Sales Tax vs. Use Tax – What’s the Difference?
A sales tax generally applies to transactions within a state, or a particular jurisdiction within a state, and is paid at the point of purchase. Typically, the amount of the tax is calculated by applying a percentage rate to the taxable price of a sale.
In some cases a portion of the sale may be exempt from the calculation of tax, or certain goods may be totally exempt (e.g., food and medications in numerous states). Depending on the jurisdiction, the tax may be required to be included in the price (tax-inclusive) or added to the price at the point of sale.
Sales taxes generally are collected from the buyer by the seller, who remits the tax to a government agency. Sales taxes are commonly charged on sales of goods, but many sales taxes are also charged on sales of services.

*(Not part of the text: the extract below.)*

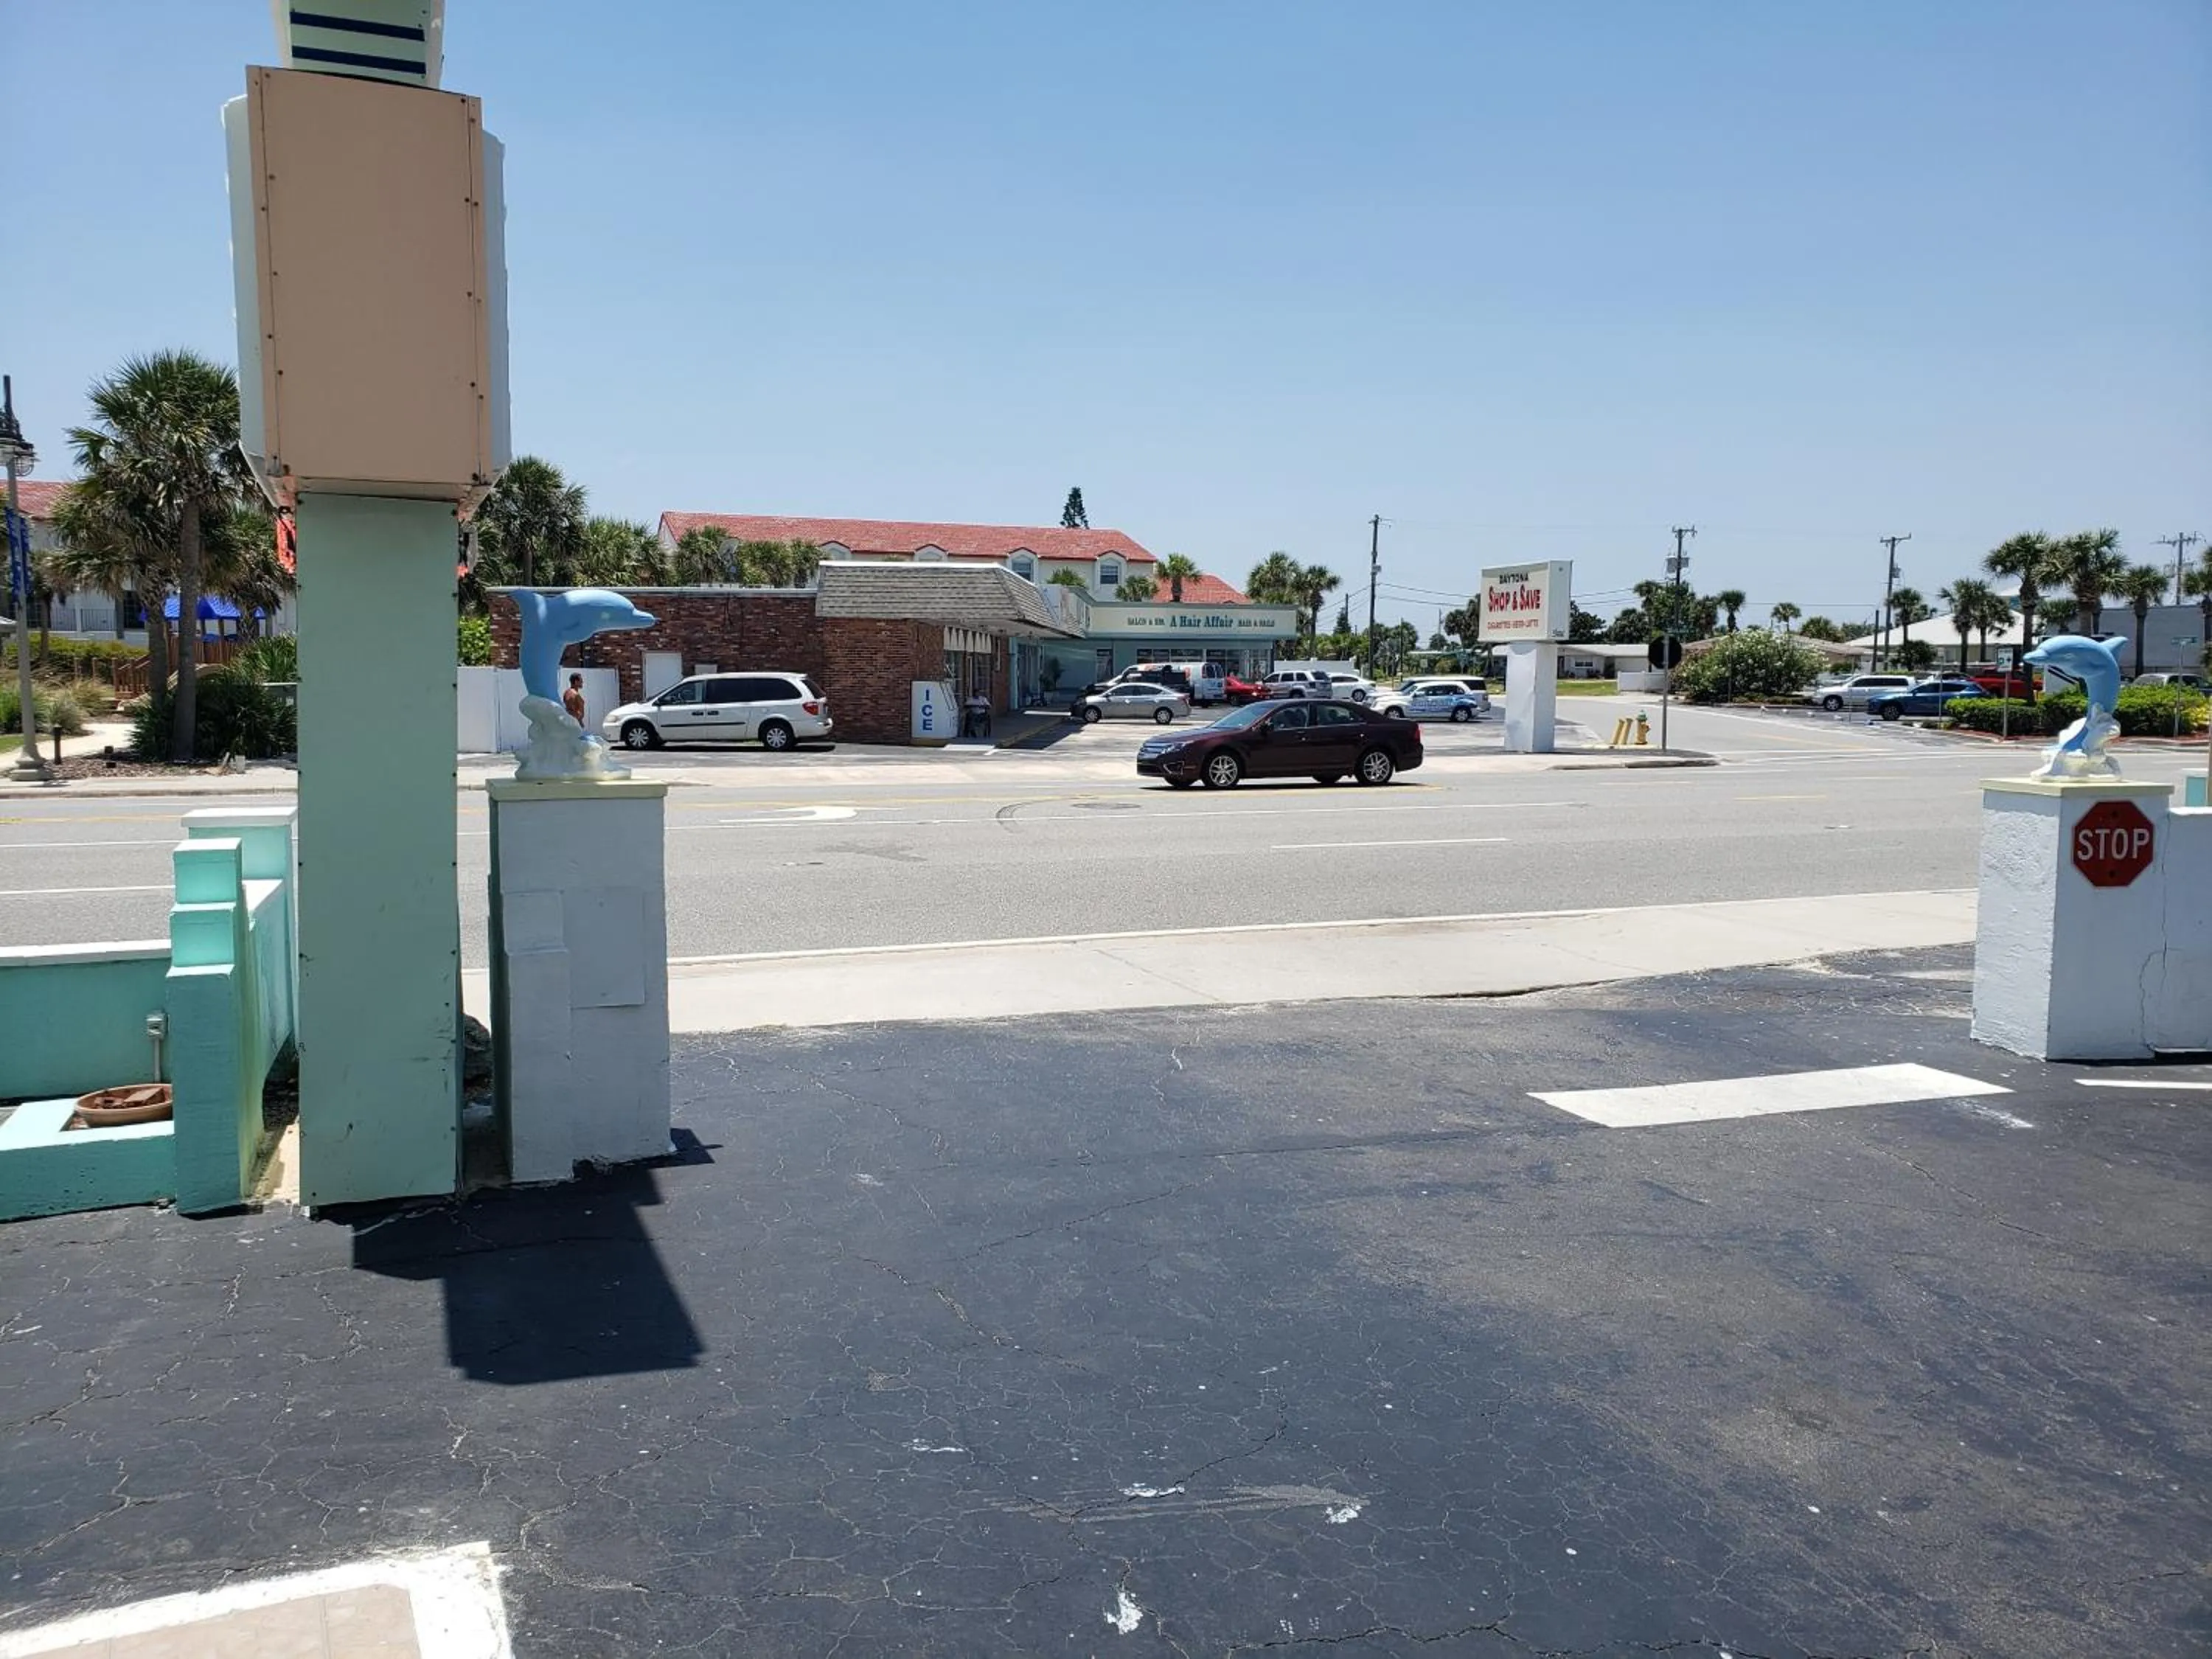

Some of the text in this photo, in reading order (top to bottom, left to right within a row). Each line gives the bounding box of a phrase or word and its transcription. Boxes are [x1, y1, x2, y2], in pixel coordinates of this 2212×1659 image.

A use tax is a type of excise tax, paid by a purchaser who stores, uses or consumes within a state or other taxing jurisdiction any tangible personal property purchased from an out-of-state seller (unless the vendor charges sales tax). The buyer is responsible for remitting a use tax to the taxing jurisdiction.

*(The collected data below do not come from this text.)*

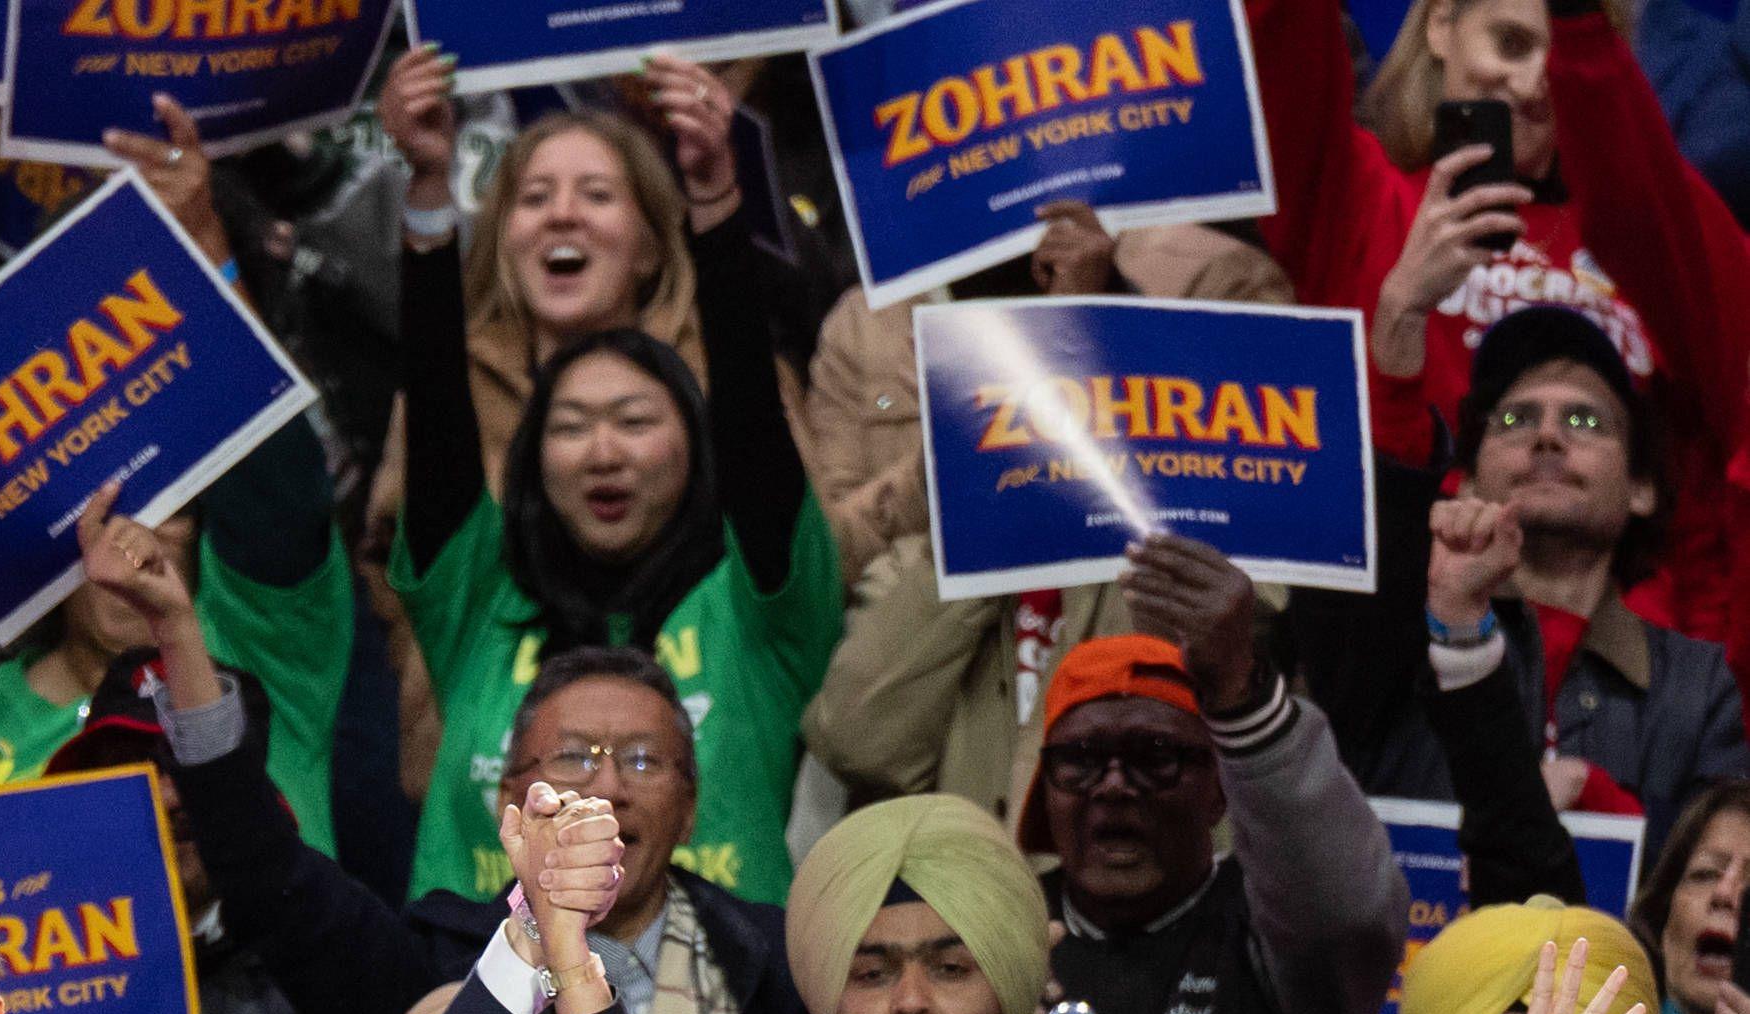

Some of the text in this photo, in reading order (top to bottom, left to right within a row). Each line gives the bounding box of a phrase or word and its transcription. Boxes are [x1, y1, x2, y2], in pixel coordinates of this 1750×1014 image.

[873, 19, 1205, 168] ZOHRAN
[948, 133, 1023, 181] NEW
[1025, 114, 1115, 151] YORK
[1117, 99, 1195, 133] CITY
[45, 400, 132, 468] YORK
[125, 341, 194, 407] CITY
[974, 374, 1322, 452] ZOHRAN
[1135, 451, 1227, 480] YORK
[1233, 457, 1309, 487] CITY
[57, 971, 130, 1006] CITY

Use taxes typically are assessed at the same rate as the sales tax that would have been charged had the same goods been purchased in-state. The federal legislation now under consideration to empower states to collect taxes on sales by online retailers outside the state would in fact be facilitating imposition of use taxes.
The assessing jurisdiction may make the use tax payable annually, but some states require a monthly payment.